Speaking in the northern Mozambican port of Nacala on Friday, Agnelli said that the Vale mine in Moatize should start production next year, and the main client for the high quality hard coking coal from Moatize would be the Brazilian steel industry
"Brazil imports 100 per cent of its coking coal, so this is a partnership which has come to stay, or to last or years, decades and maybe centuries", added Agnelli.
He was speaking during the ceremony at which Vale, the Mozambican government, and Insitec Investments, the company which is the major shareholder in the Northern Development Corridor (CDN), the consortium that operates the Nacala port and rail systems signed a protocol on "Nacala XXI" - a project that will invest 1.6 billion US dollars in the port and railway, so that they will be able to handle coal exports from Moatize.
Agnelli said that, in its first phase, the Vale mine at Moatize will produce 11 million tonnes of coal a year, of which six to eight million tonnes will be exported.
But in a second phase, production is expected to rise to 24 million tonnes a year, and eventually even to 40 million tonnes a year. Exports of coal on this scale cannot possibly be handled by the port of Beira.

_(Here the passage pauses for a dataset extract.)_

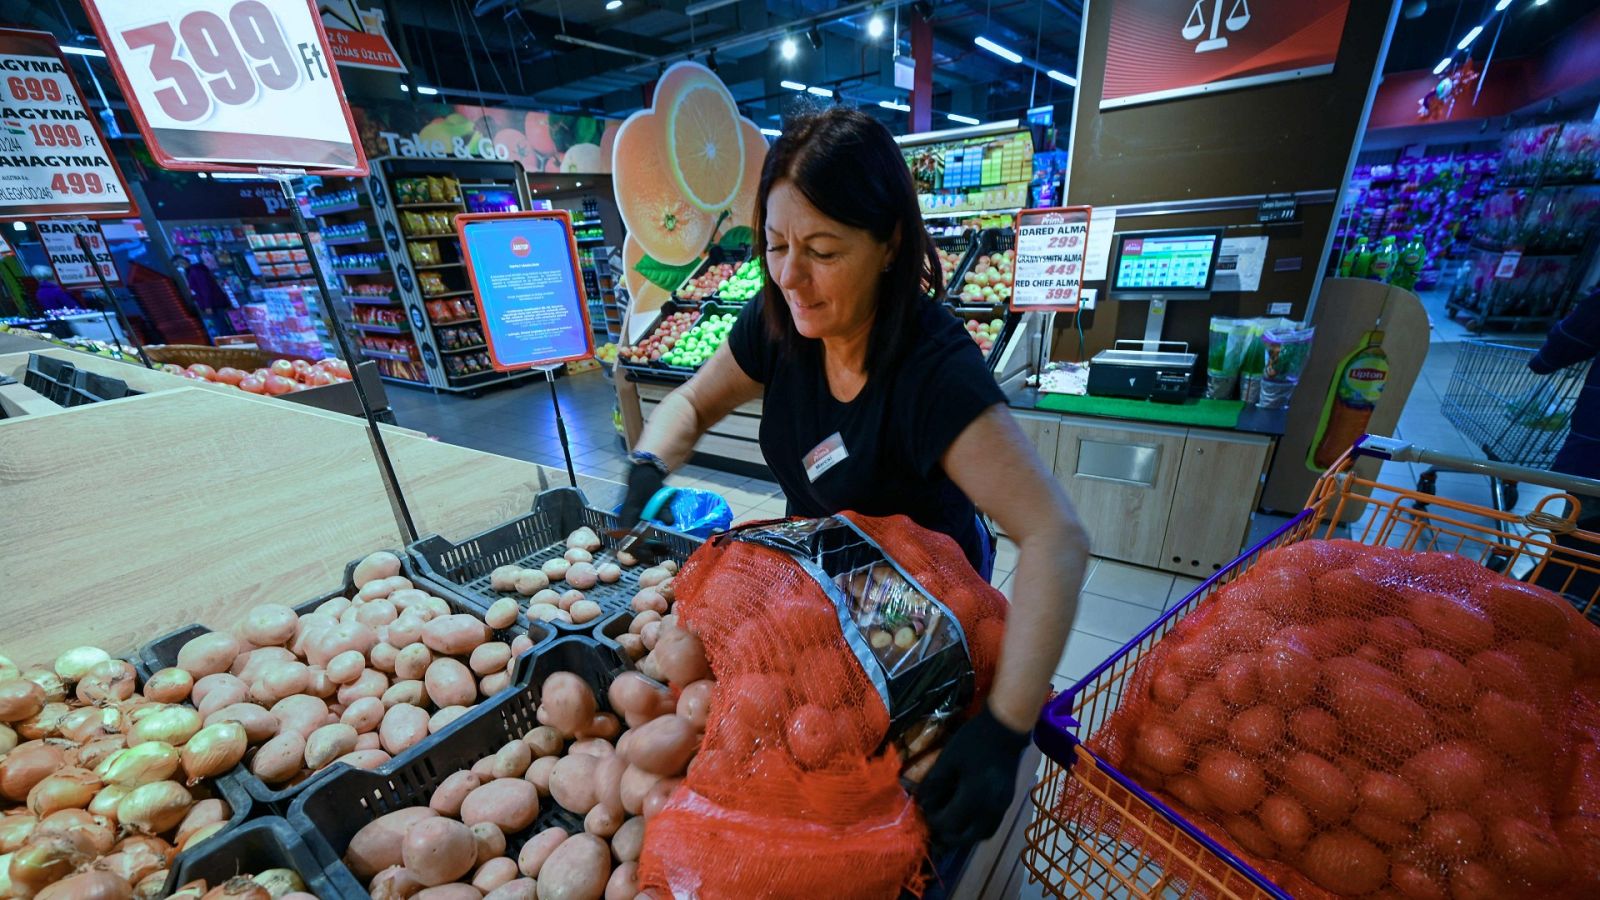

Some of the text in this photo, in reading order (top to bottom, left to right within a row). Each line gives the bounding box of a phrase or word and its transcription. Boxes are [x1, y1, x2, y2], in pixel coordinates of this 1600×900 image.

"So the future of the Moatize mine depends on the Nacala corridor, it depends on this investment", stressed Agnelli.
Nacala XXI "is not work for just one or two years", he added. "It's work that will last five, six, seven or eight years. It's heavy work, it's incessant work, it's work that requires a lot of dedication if we're going to complete it".
Insitec chairperson Celso Correia told the ceremony that only Mozambicans can solve the problems facing the country.
"We are well aware that the solutions to our problems depend, above all, on us, on Mozambicans, on our capacity to unite around those problems", he declared
He noted that people in Nampula province are always looking for means of survival, and "the message we are giving them is that the Mozambican private sector, in partnership with the government and with foreign partners will be present to help us on this difficult journey".